■ Work to be completed ■
Your output must reproduce all the records below precisely and contain no pictures.
==================================================
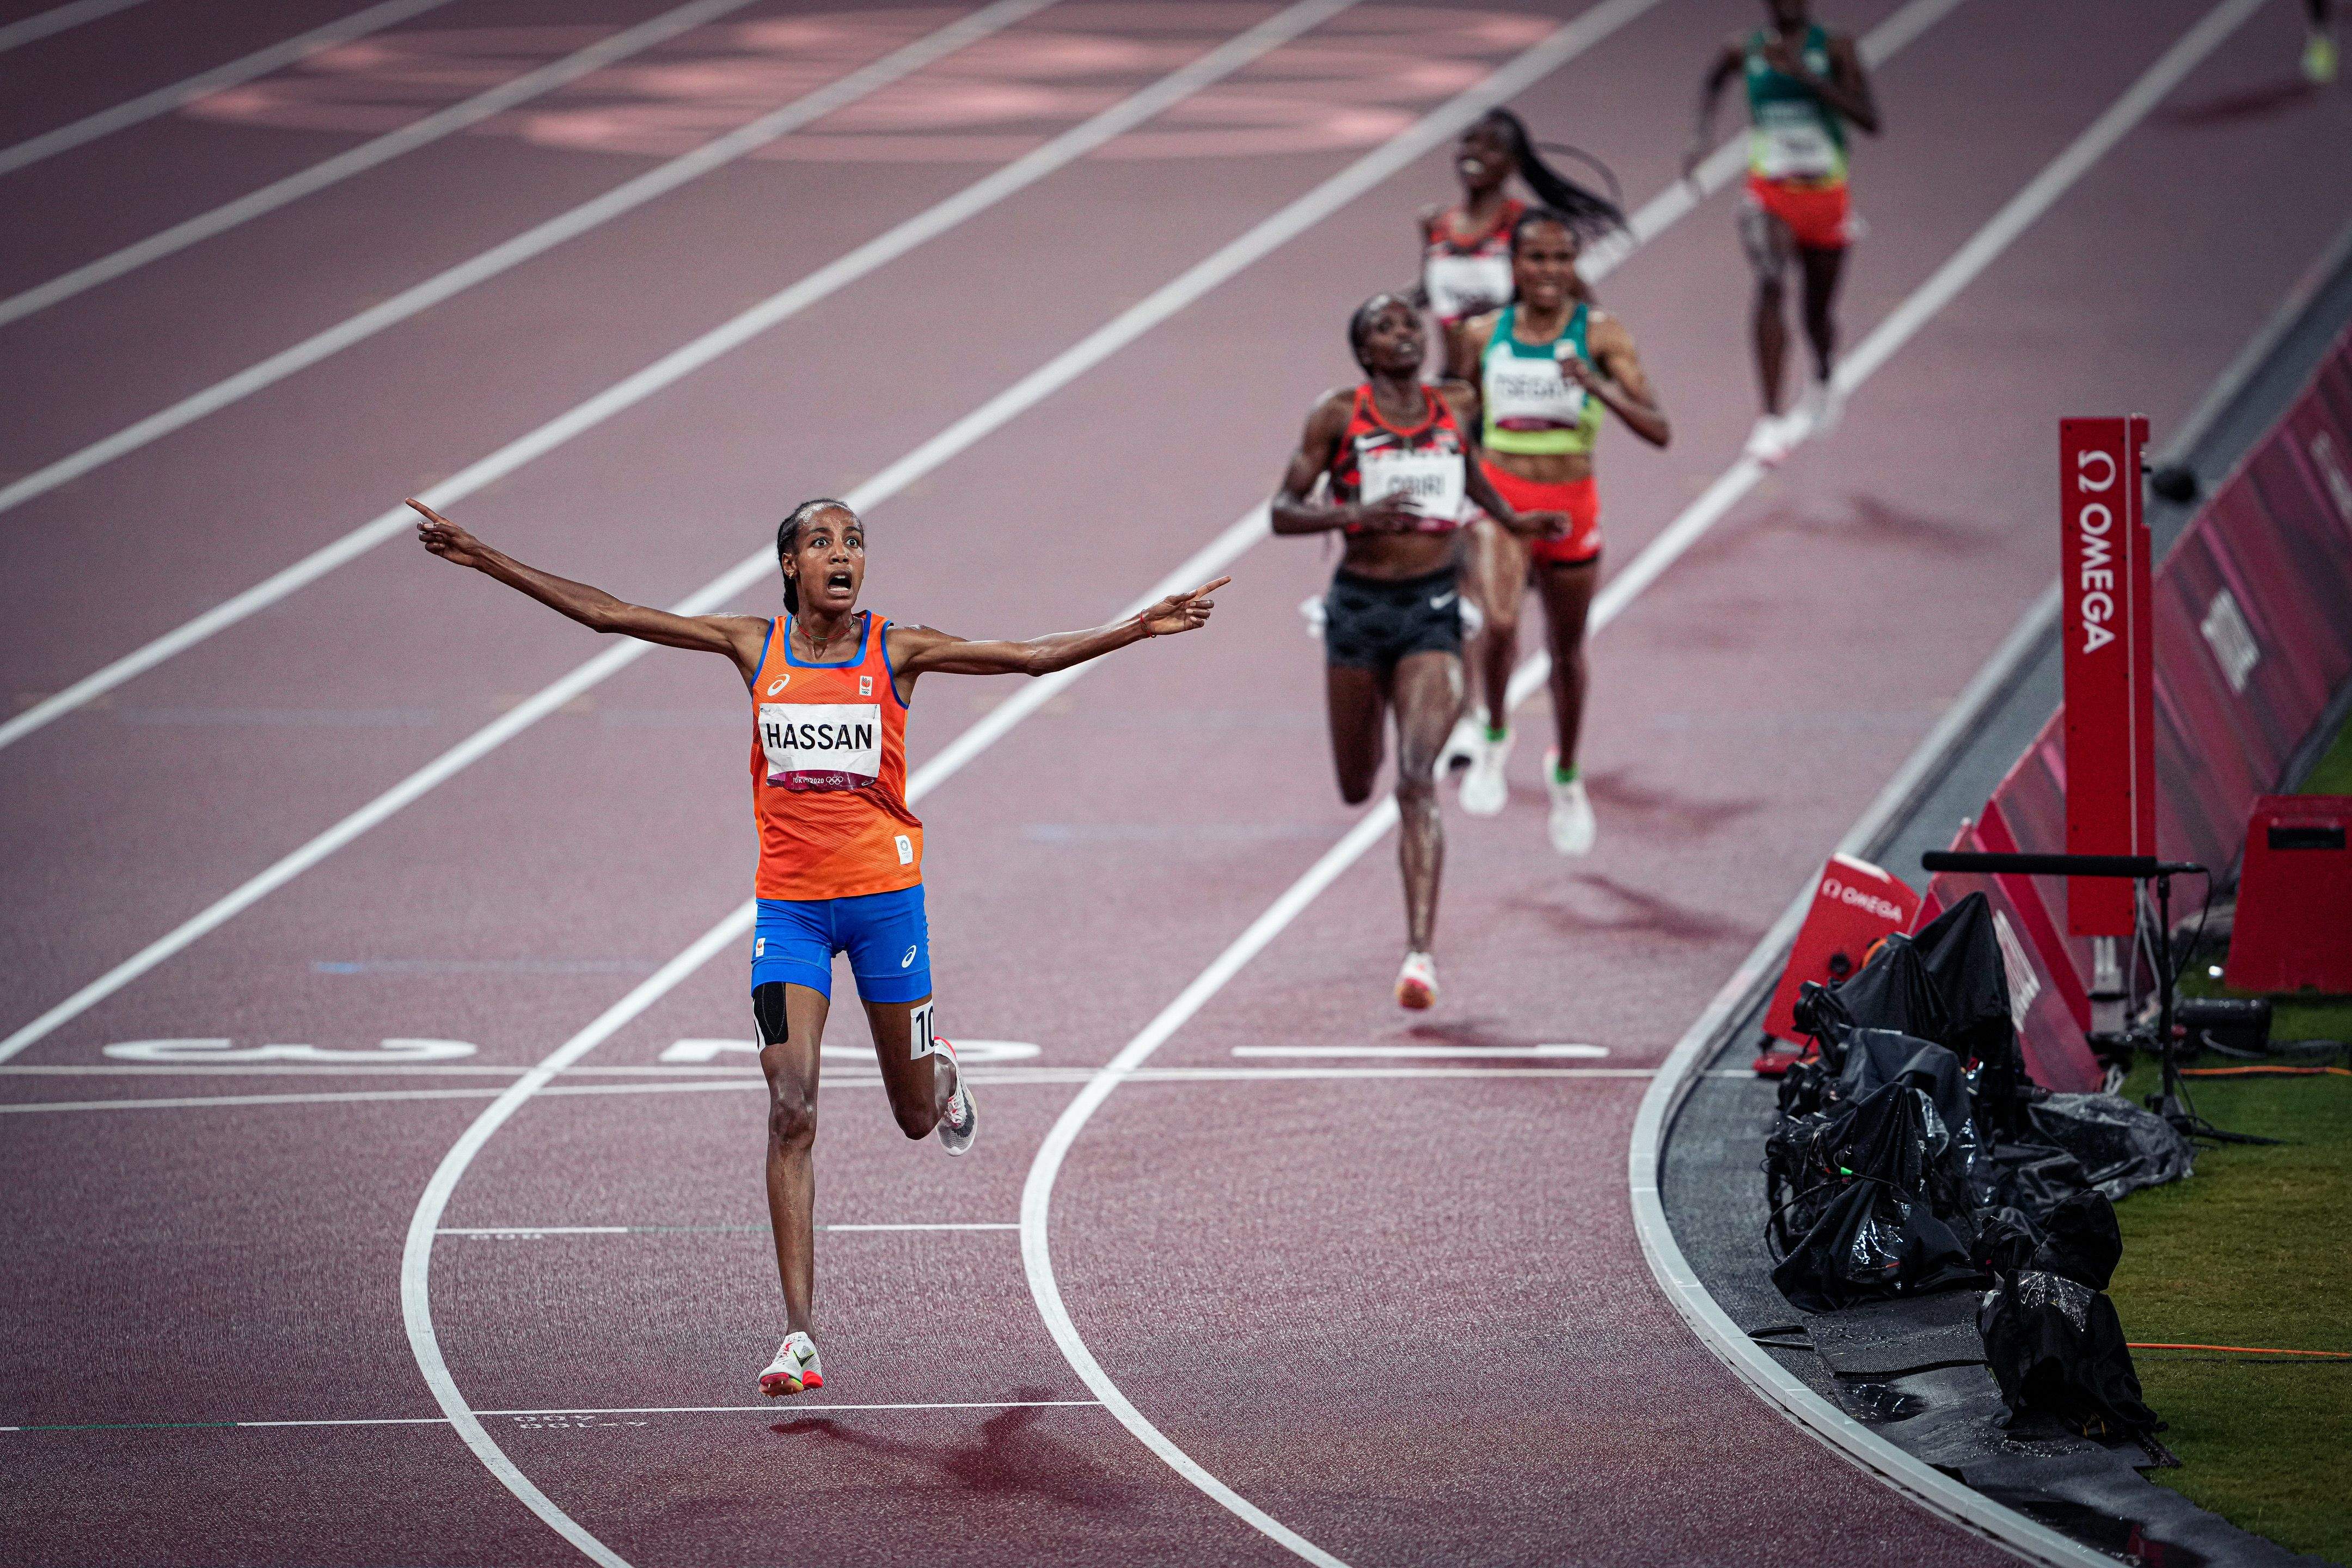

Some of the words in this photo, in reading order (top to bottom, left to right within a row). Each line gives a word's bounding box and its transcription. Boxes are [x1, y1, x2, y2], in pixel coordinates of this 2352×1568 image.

[2079, 503, 2116, 654] OMEGA
[766, 723, 872, 750] HASSAN
[1841, 886, 1903, 924] OMEGA
[916, 1005, 935, 1053] 10
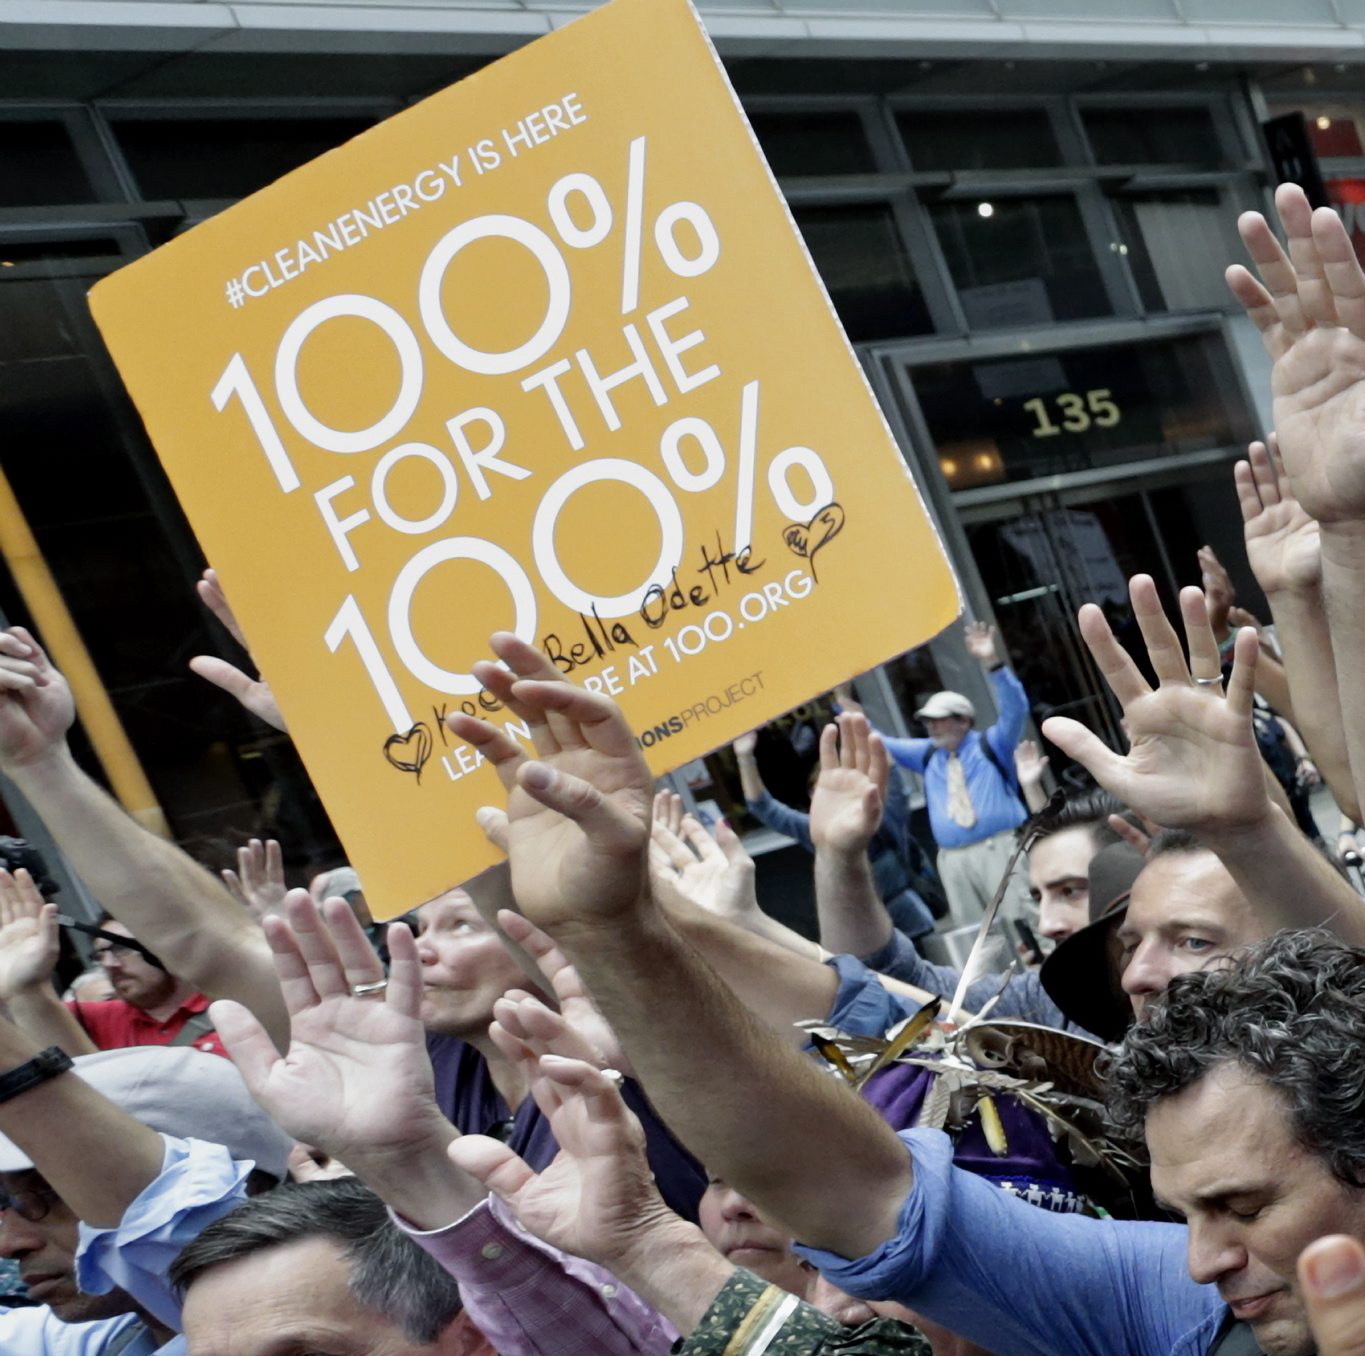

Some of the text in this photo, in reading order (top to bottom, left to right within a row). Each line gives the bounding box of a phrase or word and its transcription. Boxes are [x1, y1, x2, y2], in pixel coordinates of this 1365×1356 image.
==================================================
■ Response box ■
Some of the words in this photo, in reading order (top to bottom, left to right within a row). Each line gives a word's bounding box and its transcription. Boxes are [x1, y1, x2, y2], in pixel coordinates of this 2352×1568 image.

[2079, 503, 2116, 654] OMEGA
[766, 723, 872, 750] HASSAN
[1841, 886, 1903, 924] OMEGA
[916, 1005, 935, 1053] 10

Some of the text in this photo, in reading order (top to bottom, left to right within a row). Each line gives the bounding box of a phrase or word and its transcription. Boxes are [x1, y1, x2, y2], in pixel coordinates of this 1365×1356 image.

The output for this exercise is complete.